Moon watched him close. “They are all just fine until this telegram, far as I know.” He had always wanted to tell the young man what little he knew of life in Keystone by way of Al Baach’s letters, which came every five or six months. “Your father was grazed in the knee by a ricocheting bullet two years back,” Moon said, “but he gets around. Your mother is well, as is your younger brother. Goldie too is well as far as I know, though her father died last year.” In all of his letters, Al Baach had written to Ben Moon, in one form or another, the following: Abraham must not know of what goes on here with us. If he knows, he will come here, and that is still not safe .
Then came the telegram. Jake dying .
Moon said, “I know that your father has managed to keep the saloon open, but business has been slow.” He cleared his throat. “I believe he’s taken up shoe repair again.”
Abe stared at the words on the telegram and tried to imagine his family, less one. “How can business be slow with Keystone the way it is?” he said. “I’ve met more than a few men who travel there twice a year. I heard a fella in Boston once talking about Cinder Bottom girls.”

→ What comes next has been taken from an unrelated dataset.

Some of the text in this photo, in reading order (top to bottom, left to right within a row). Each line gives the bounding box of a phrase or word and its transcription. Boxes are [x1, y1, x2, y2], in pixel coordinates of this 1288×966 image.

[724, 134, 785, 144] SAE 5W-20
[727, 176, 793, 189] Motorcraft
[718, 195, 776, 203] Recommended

Moon didn’t know enough to answer. He knew some of it lay in the blackballing of the Baaches after Abe cut the wires and left town. He didn’t want to rile him. “Listen to me Abe,” he said. “I’m going to tell you something about your father and then you’re going to get on a train.”
Abe listened.
Moon told of a time when he was eleven years old, a time when the first of many letters arrived from Keystone. This first letter, like all that were to follow, was addressed to both Ben Moon and his mother. In it, Al Baach wrote of what had happened that day in September 1877, and how sorry he was about Vic Moon’s demise. He inquired as to whether they’d received Vic’s body and the substantial monies he’d had on him. Al had suspicions already on the veracity of Trent’s promise to send the money, and he apologized for having not taken care of such business himself. A correspondence commenced then between young Ben Moon and Al Baach, and in each letter the boy received, there was a renewed promise to find Vic Moon’s body. There was also enclosed money. When the boy was thirteen, all one hundred and twenty-three dollars had been repaid.

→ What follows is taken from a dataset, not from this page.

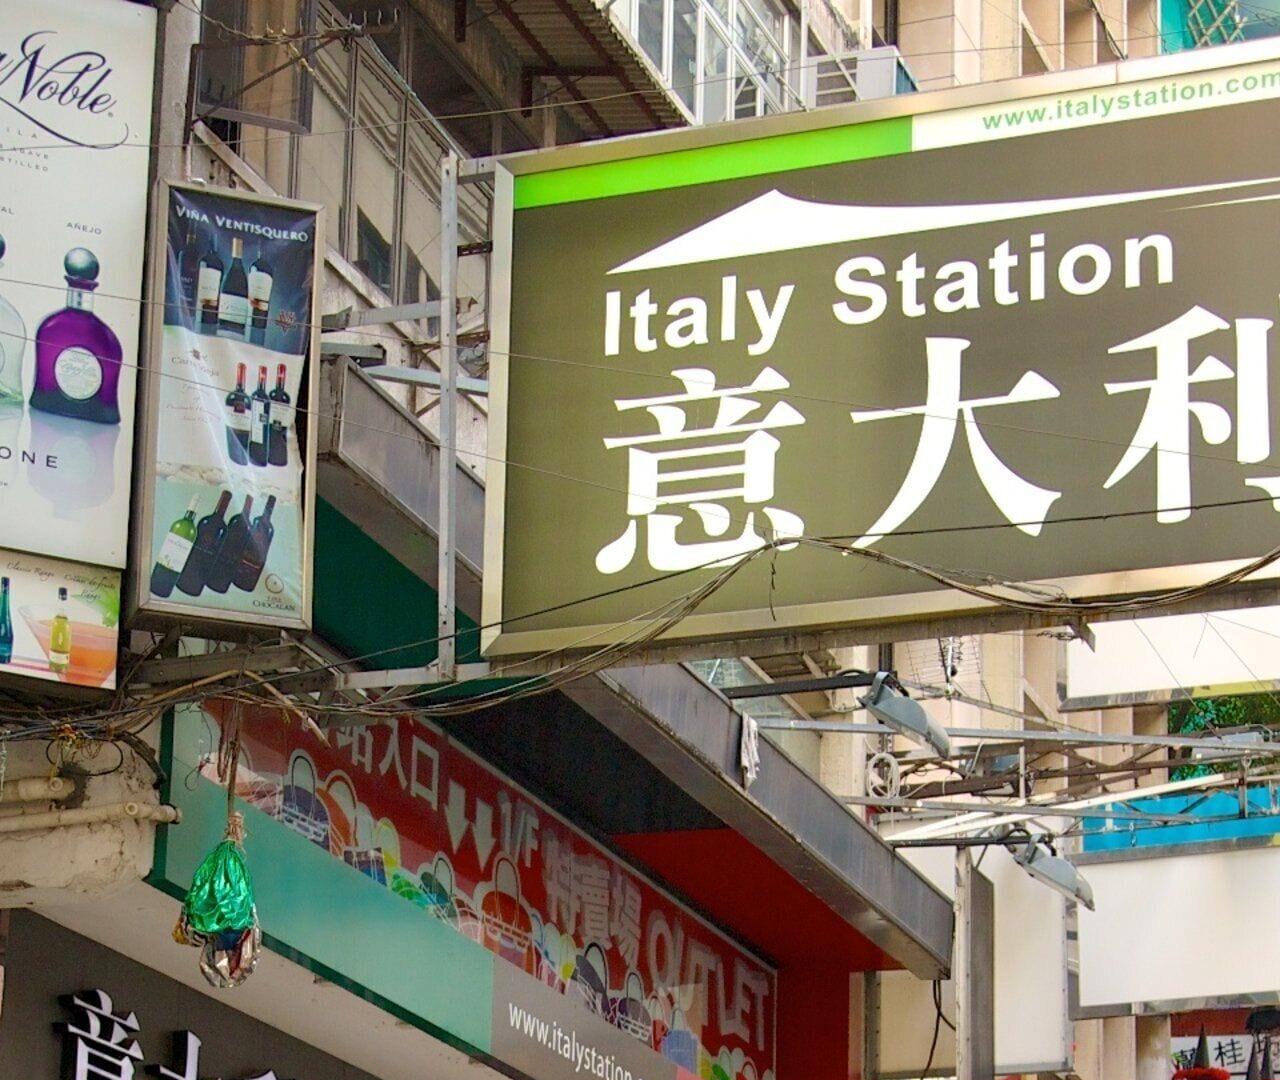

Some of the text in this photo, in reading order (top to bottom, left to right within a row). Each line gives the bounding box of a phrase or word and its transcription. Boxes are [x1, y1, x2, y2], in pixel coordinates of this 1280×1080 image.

[66, 221, 103, 236] AÑEJO
[176, 205, 309, 242] VIÑA VENTISQUERO
[602, 220, 1173, 360] Italy Station
[646, 908, 770, 1054] OUTLET

“I bet he never spoke to you or anyone else about this.” Moon said.
Abe shook his head no. He wondered why Ben Moon hadn’t told him before. He wondered at the figure: one hundred and twenty-three dollars. It was chasing him.

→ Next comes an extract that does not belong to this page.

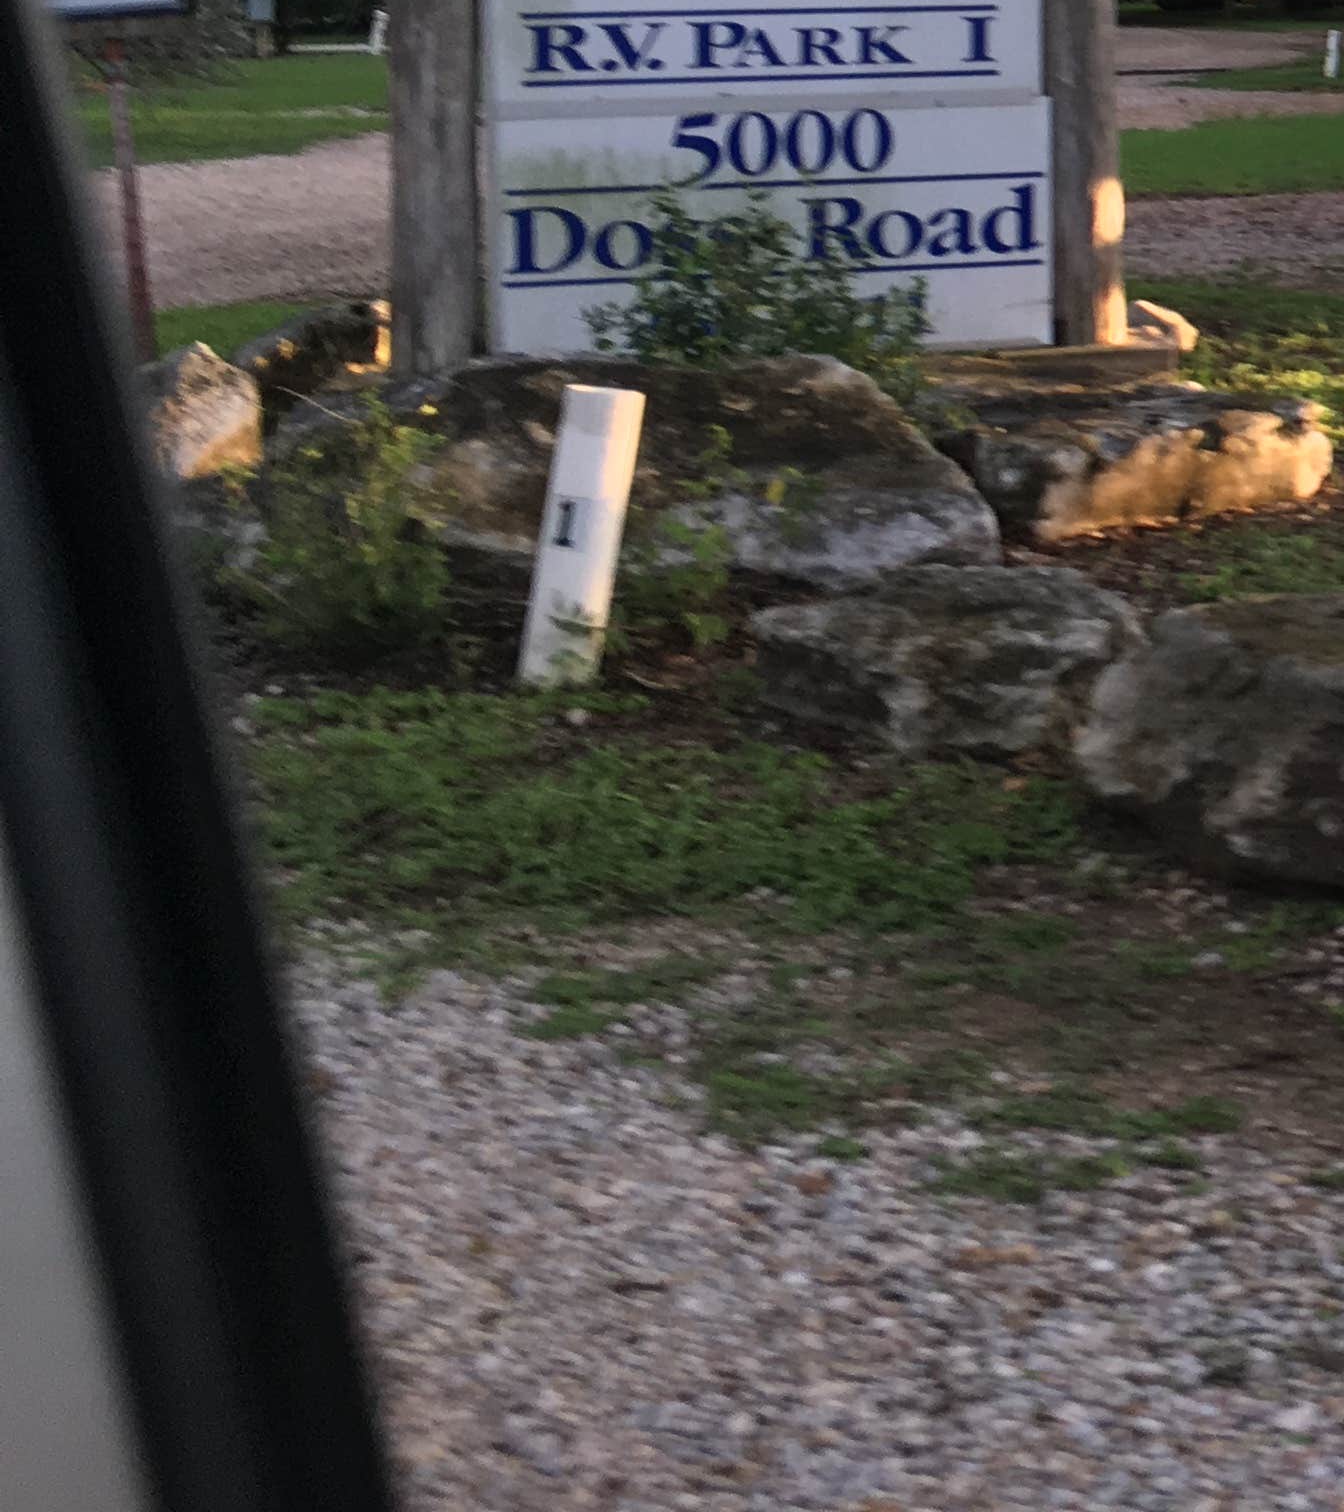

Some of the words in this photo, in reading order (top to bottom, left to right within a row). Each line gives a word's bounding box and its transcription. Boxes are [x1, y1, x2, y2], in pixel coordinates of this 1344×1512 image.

[524, 22, 666, 73] R.V.
[686, 20, 914, 70] PARK
[671, 107, 895, 183] 5000
[797, 184, 1044, 263] Road

There was a low roar inside his head.
“Your father is a good man,” Moon said. He opened a box of long cigars and took one. “He is one of the few left.” He trimmed his cigar with a letter opener and lit it and told Abe it was time to go home and make things right with his family.
Abe nodded.
“I do know a little bit about Mr. Henry Trent and Mr. R. Rutherford,” Moon said. “And the Beavers brothers.” He scoffed, but beneath the scoff was the truth. Ben Moon feared no man, excepting those absurd West Virginia men about whom he’d only read in letters, those men living in a place he’d never been, the place his daddy had died. “You need to ready yourself, maybe bring a man or two along.” He cleared his throat. “Trent is mayor now, and Rutherford is chief of police.”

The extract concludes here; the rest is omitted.